On
18 April 2025 at 10:57 Bazyle Said:
For other in this situation I suggest first removing an inverting the tailstock and then seeing if the sliding surfaces are dead flat from even wear or convex from extra wear at front and back. With such a big heavy unit and oil on the surfaces it may not be able to ascertain this from rock left to right in situ.
This is an important observation and I wrote a long post about it yesterday which I promptly lost by clicking off the thread before it was sent.
Tailstock bases, just like saddles, wear convex due to the debris getting under the leading edges as they slide and eroding the surfaces underneath. The bedway also wears but at a much slower rate since the bedway is long and the wear is spread along the length of travel. For a tailstock this can induce downwards nod in the tailstock. The saddle can suffer quite a lot of wear before it becomes bad enough to affect your work but the tailstock obviously is much more sensitive.
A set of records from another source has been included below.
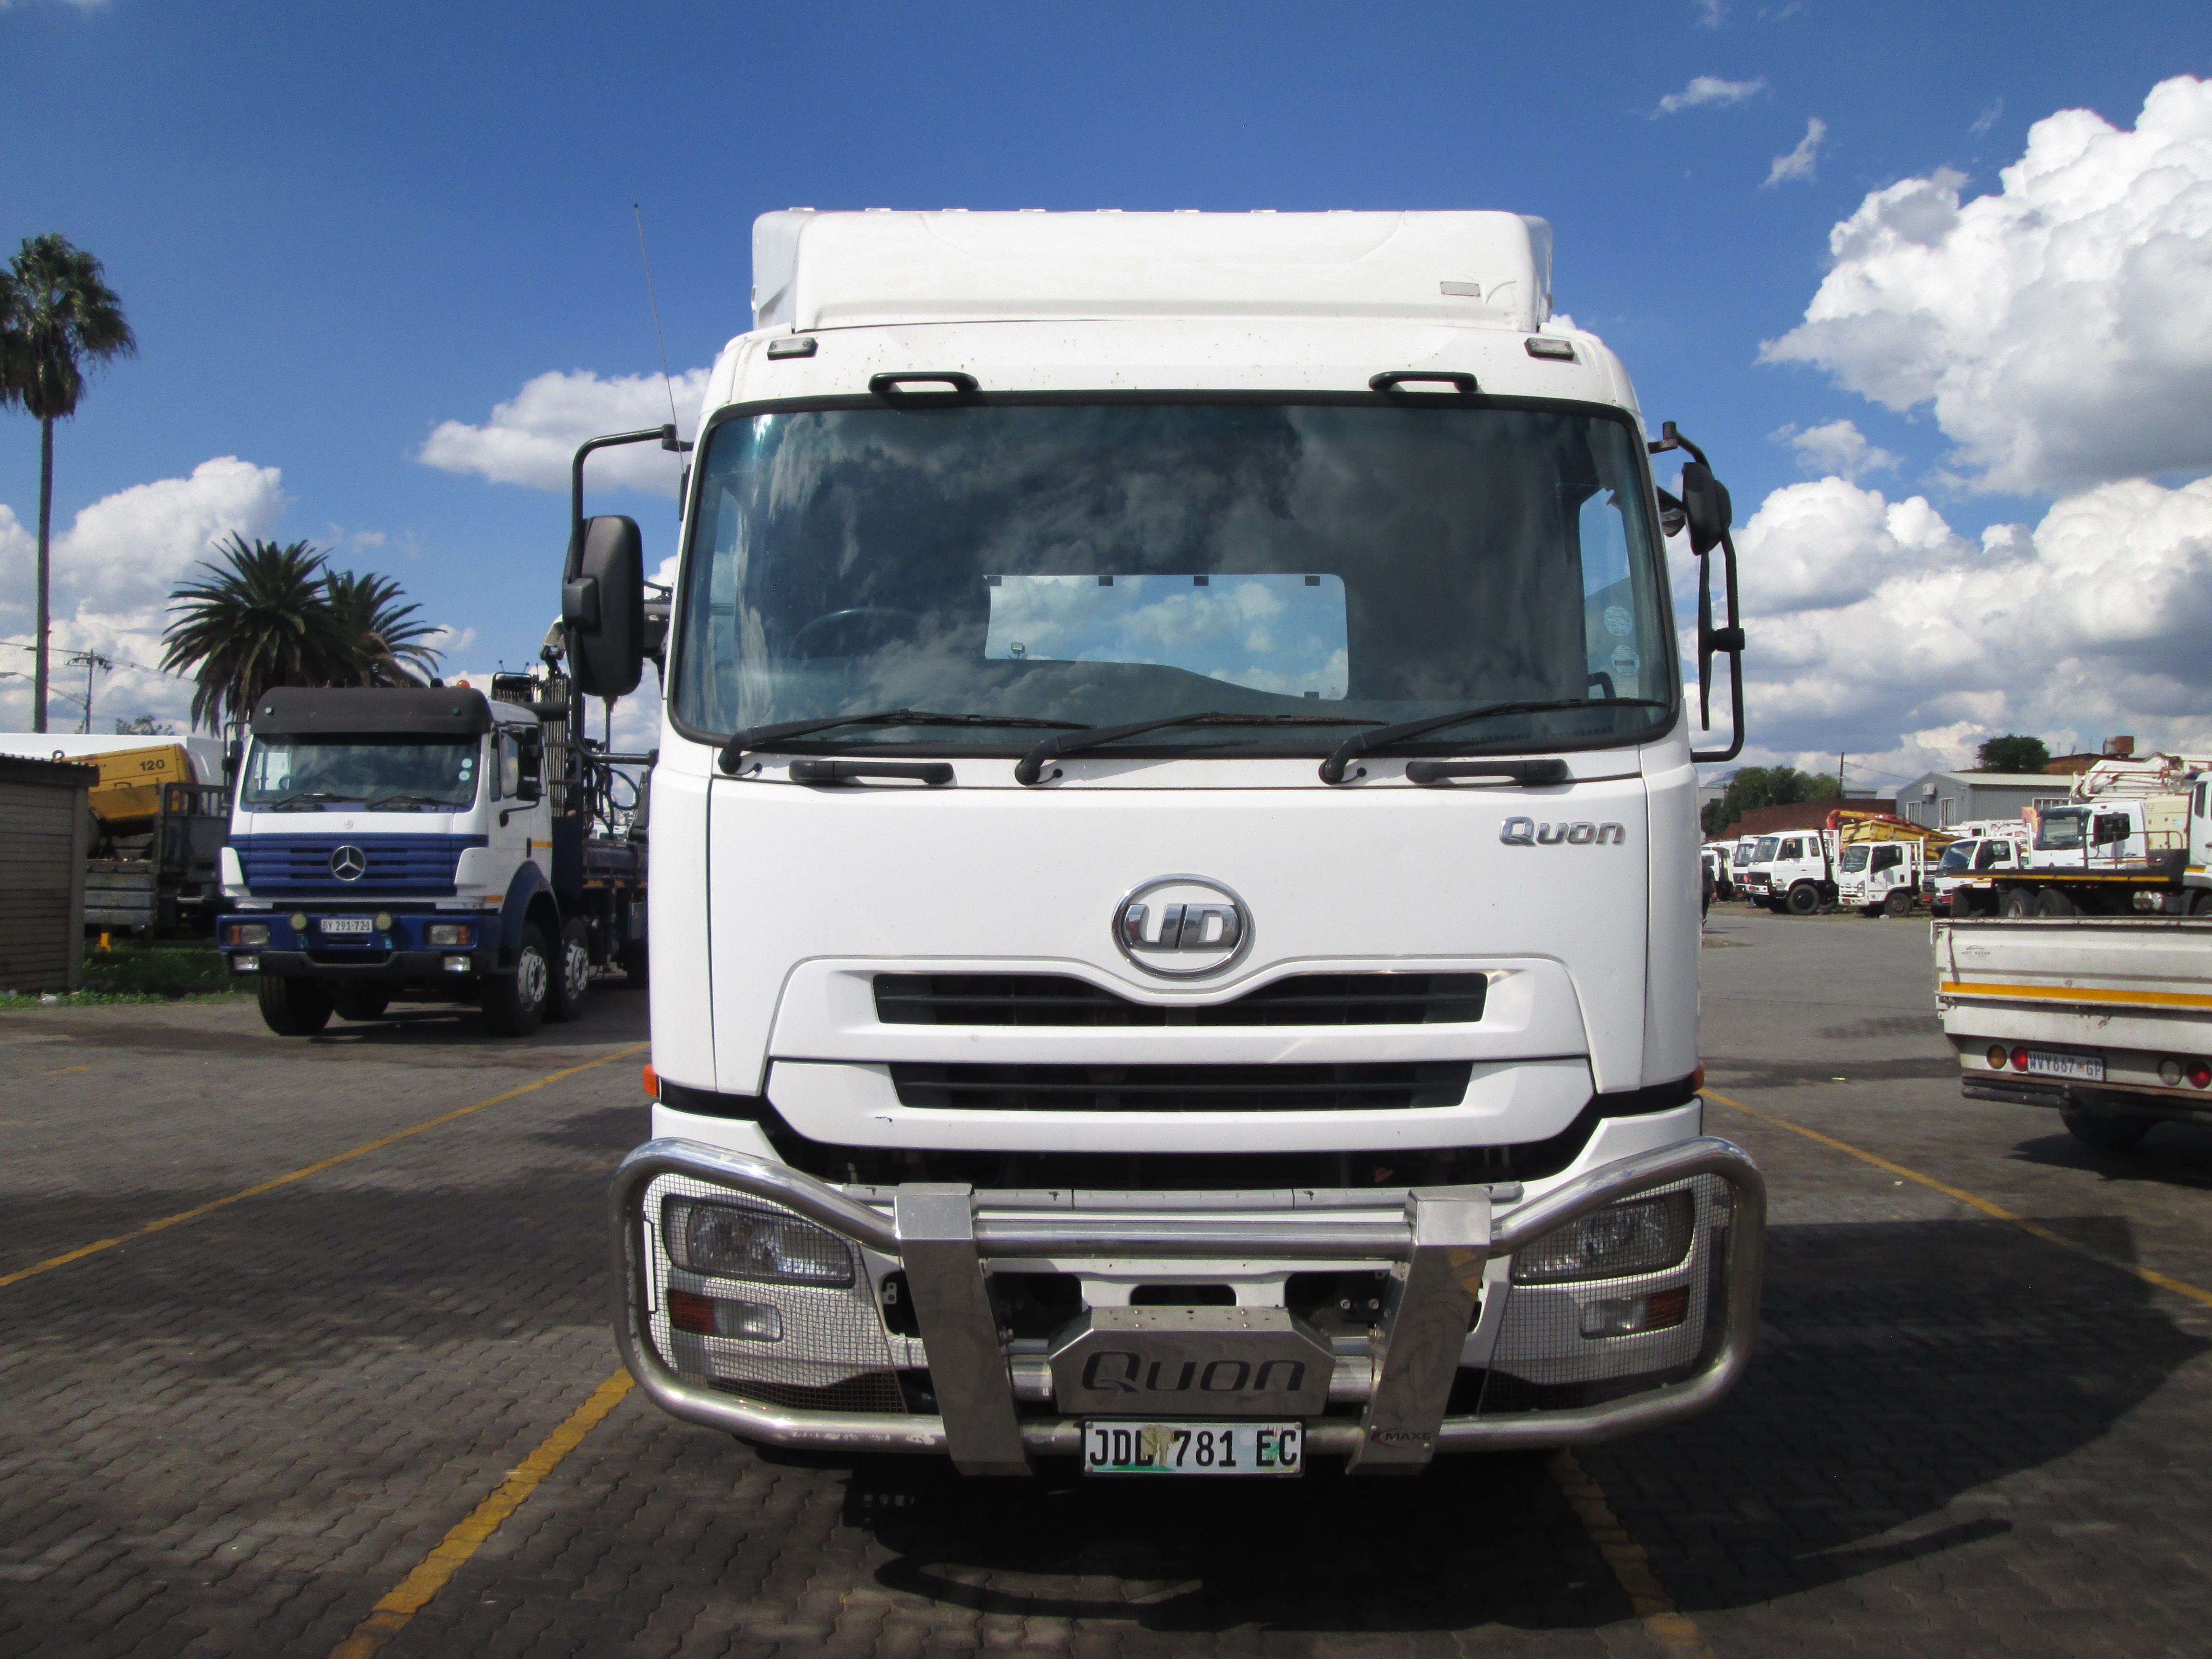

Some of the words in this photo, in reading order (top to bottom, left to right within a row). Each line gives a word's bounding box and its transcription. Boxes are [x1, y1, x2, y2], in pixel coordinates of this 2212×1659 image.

[139, 759, 165, 771] 120
[1124, 903, 1239, 949] UD
[2086, 1059, 2101, 1076] GP
[1090, 1429, 1154, 1466] JDL
[1174, 1430, 1237, 1467] 781
[1256, 1430, 1297, 1467] EC
Here are the steps I would take to remedy a badly worn tailstock base:
1. Remove the base form the tailstock and remove the key, de-burr all of the edges.
2. Put the tailstock base on the bed up near the chuck. This are will not be worn by tailstock use. Use a dial gauge vertically down on the flat top of the base and slide it under the dial to judge the amount of wear. This is a dummy check more or less just part of the investigative process.
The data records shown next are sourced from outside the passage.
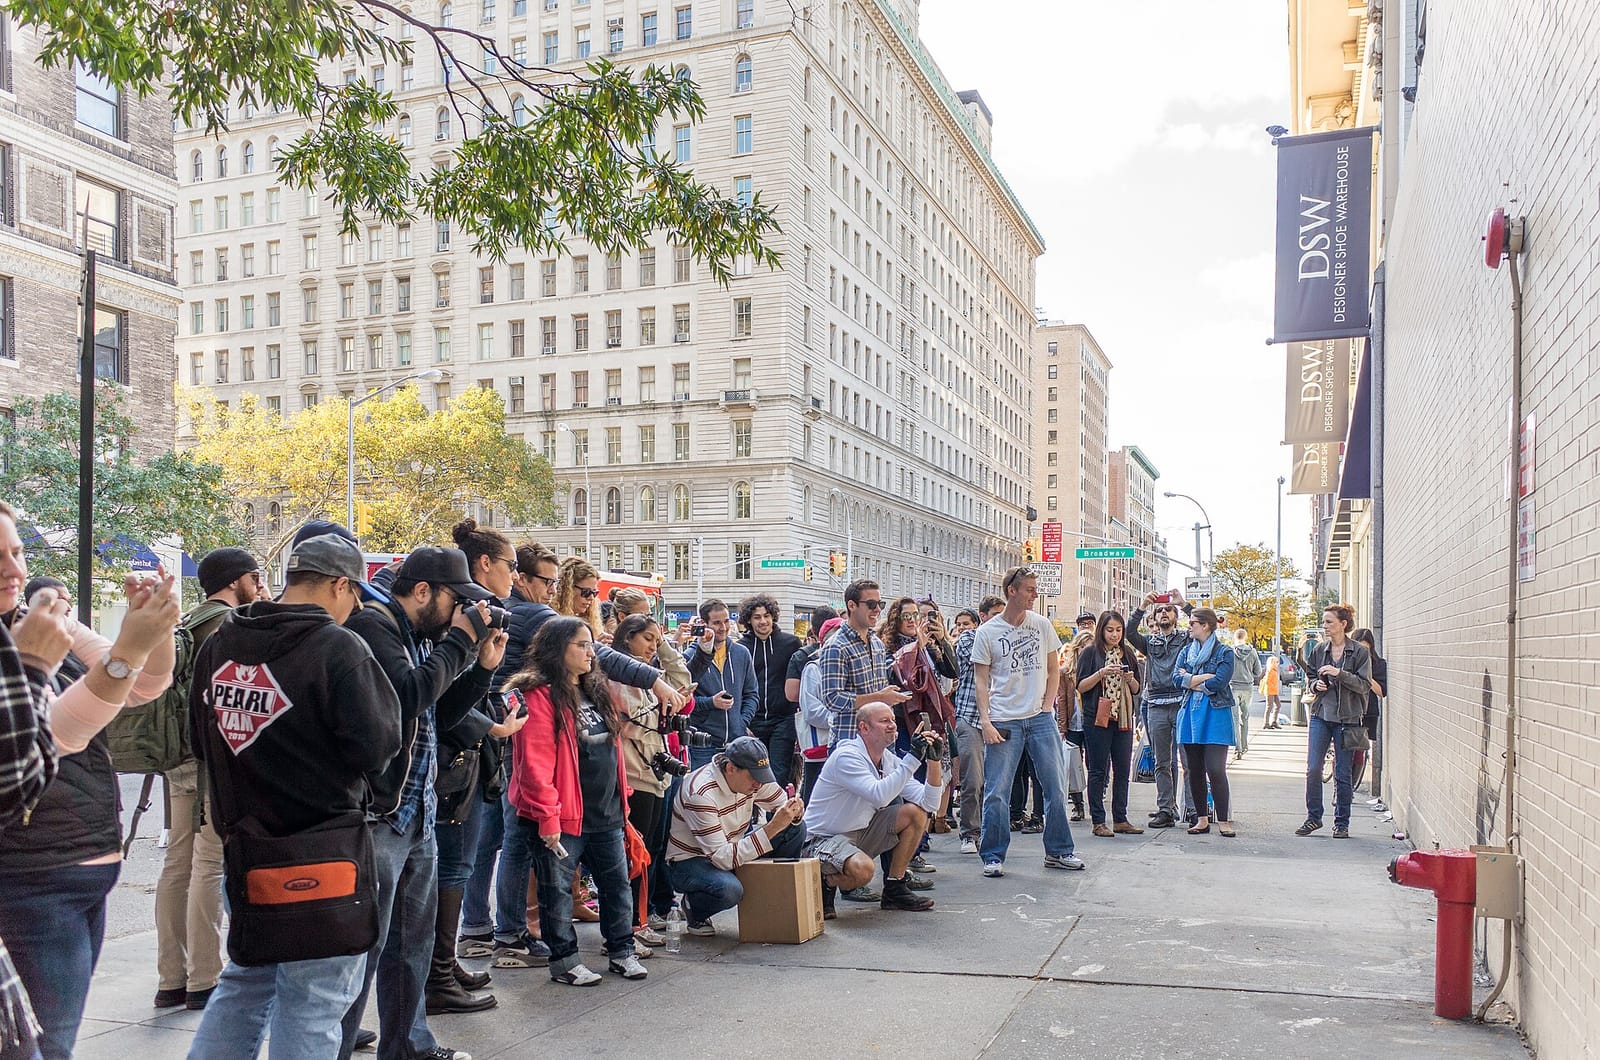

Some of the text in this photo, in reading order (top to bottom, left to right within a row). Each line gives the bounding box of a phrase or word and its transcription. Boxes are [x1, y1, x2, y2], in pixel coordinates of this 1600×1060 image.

[1298, 193, 1331, 283] DSW
[1334, 146, 1349, 322] DESIGNER SHOE WAREHOUSE
[1301, 344, 1323, 404] DSW
[1325, 366, 1334, 389] SHOE
[1324, 390, 1333, 432] DESIGNER
[214, 683, 270, 714] PEARL
3. Set your base inverted on a surface plate on 1-2-3 blocks or parallels and use a dial gauge on a stand to check how much wear there is on the flat/prism ways. for the prism just put a piece of ground metal stock like an end mill in the vee and sweep across it.
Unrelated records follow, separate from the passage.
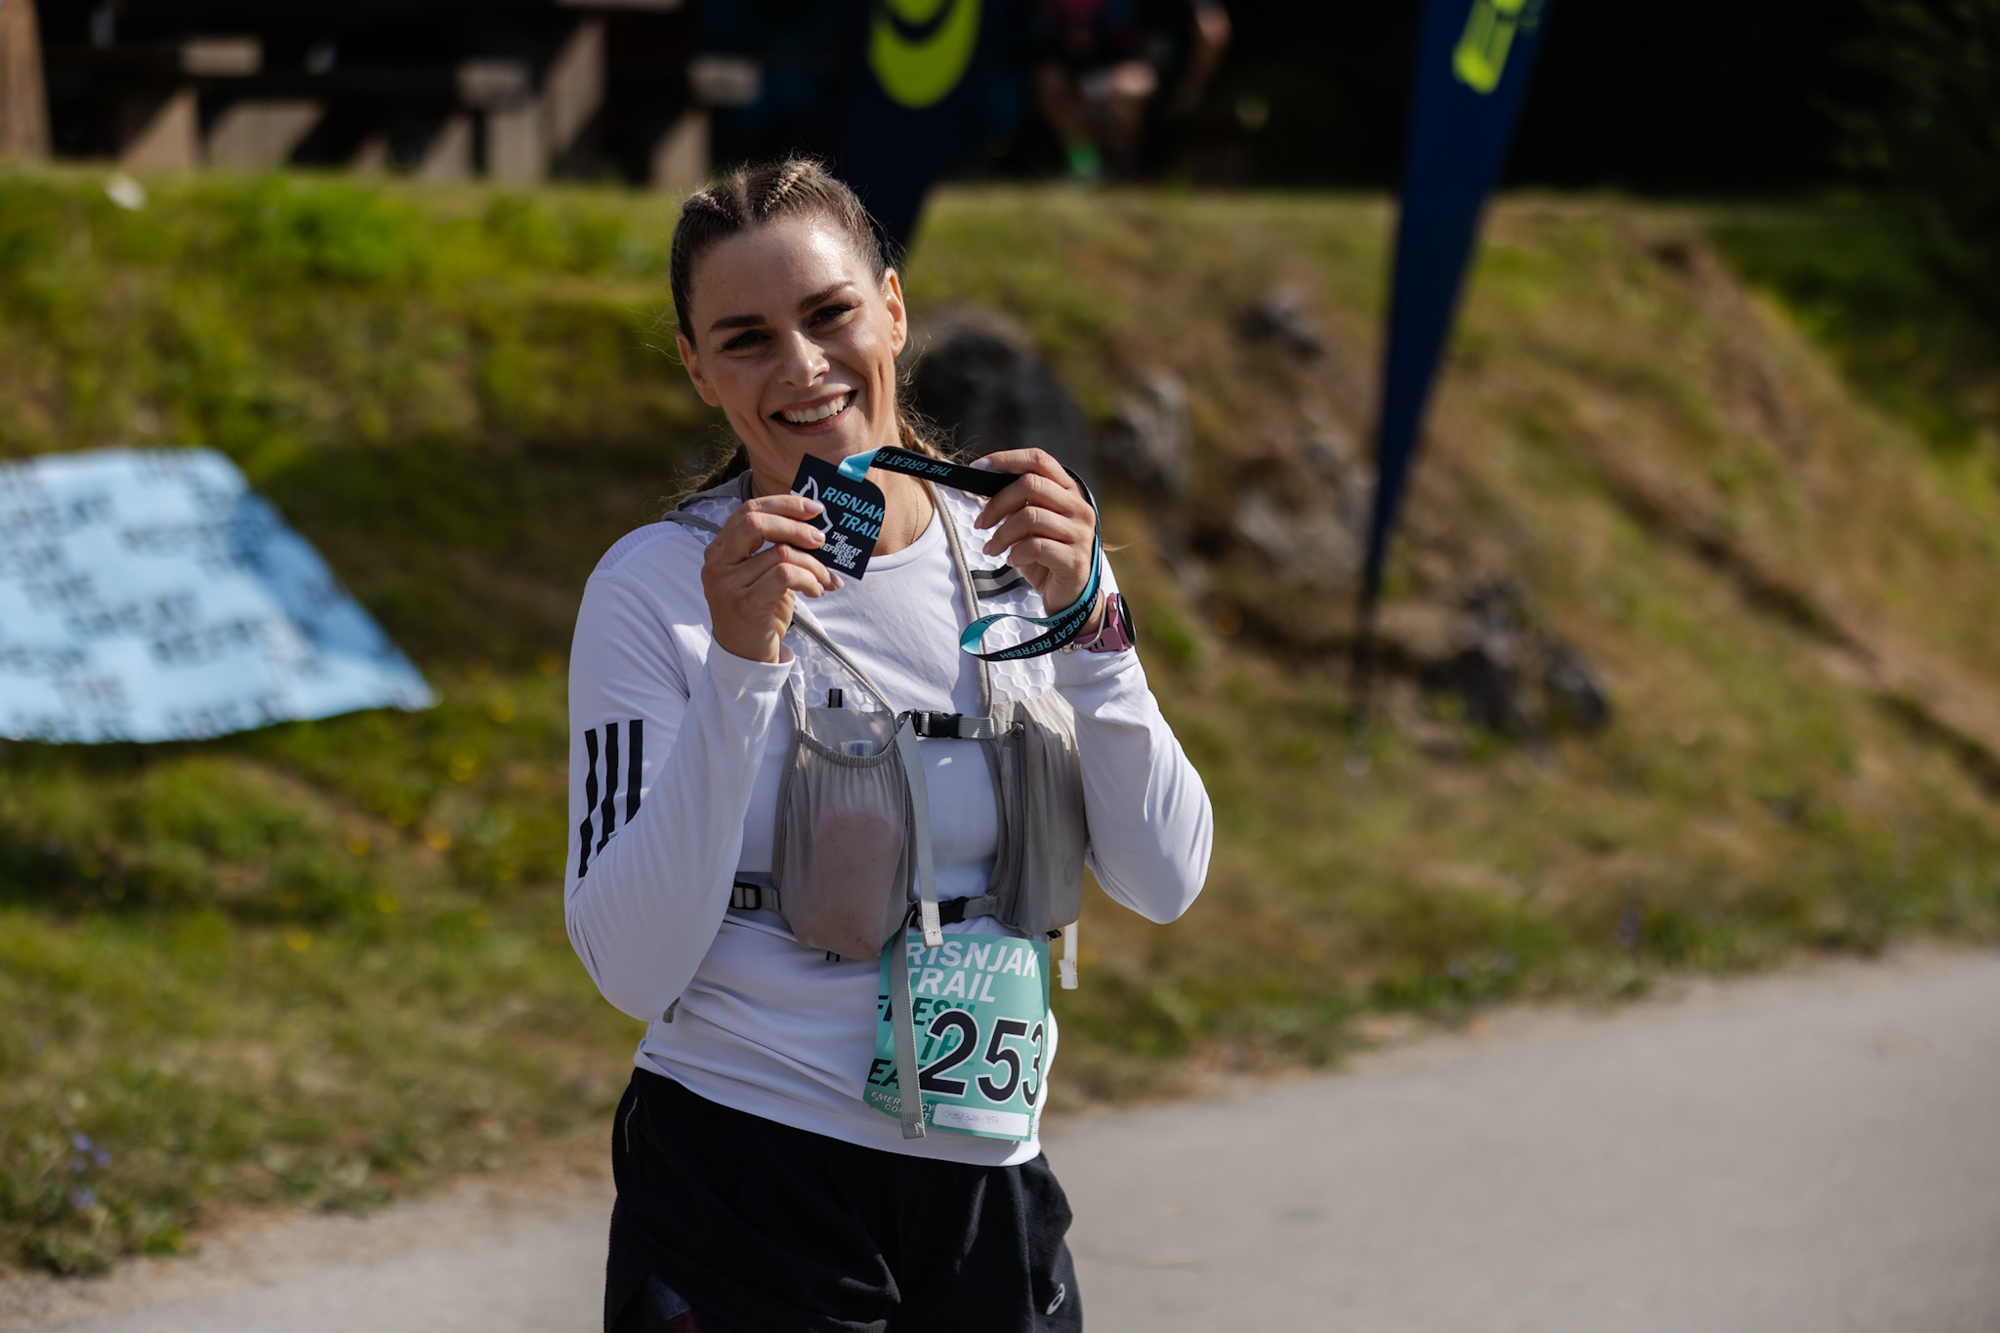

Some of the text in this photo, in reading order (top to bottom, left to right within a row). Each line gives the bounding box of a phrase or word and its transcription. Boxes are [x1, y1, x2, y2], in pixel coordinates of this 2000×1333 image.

[886, 454, 928, 471] GREAT
[926, 464, 952, 477] THE
[821, 486, 885, 522] RISNJAK
[839, 512, 881, 540] TRAIL
[831, 531, 848, 543] THE
[836, 542, 862, 557] GREAT
[1054, 611, 1087, 645] GREAT
[1000, 638, 1053, 659] REFRESH
[907, 941, 1040, 978] RISNJAK
[919, 1008, 1044, 1109] 253
[871, 1091, 934, 1112] EMERCY
4. Scrape the base of the tailstock underside ways flat concentrating on the ‘highest’ end to bring the finished ways back to parallel with the top face of the tailstock base.
5. Relieve the centre 50% of those ways a few tenths by scraping to pre-empt future wear and prevent rocking/poor clamping.
6. Now your base should have top faces parallel to the ways. Repeat step 2 to check.
7. Re-build the tailstock and fit it to the machine.
8. Turn a piece of stock to the exact diameter of the tailstock quill, to the best of your ability to measure. Bring the quill up to the turned stock. Mount a dial gauge on the saddle and set it acting vertically down on the turned stock. move the saddle to sweep across from the stock to the quill. Note the difference in the reading. This is the amount you need to shim the tailstock top up from the base.
Of course this method discounts any wear in the quill or barrel which you can assess and attempt to allow for or just accept it as a best effort solution. You also have a choice of shimming the top with shim stock, or using turcite, moglice or just a good 2-part epoxy like araldite 2013 then scraping that down to fit which would be a more workmanlike solution but shimming is perfectly acceptable for a non-moving joint.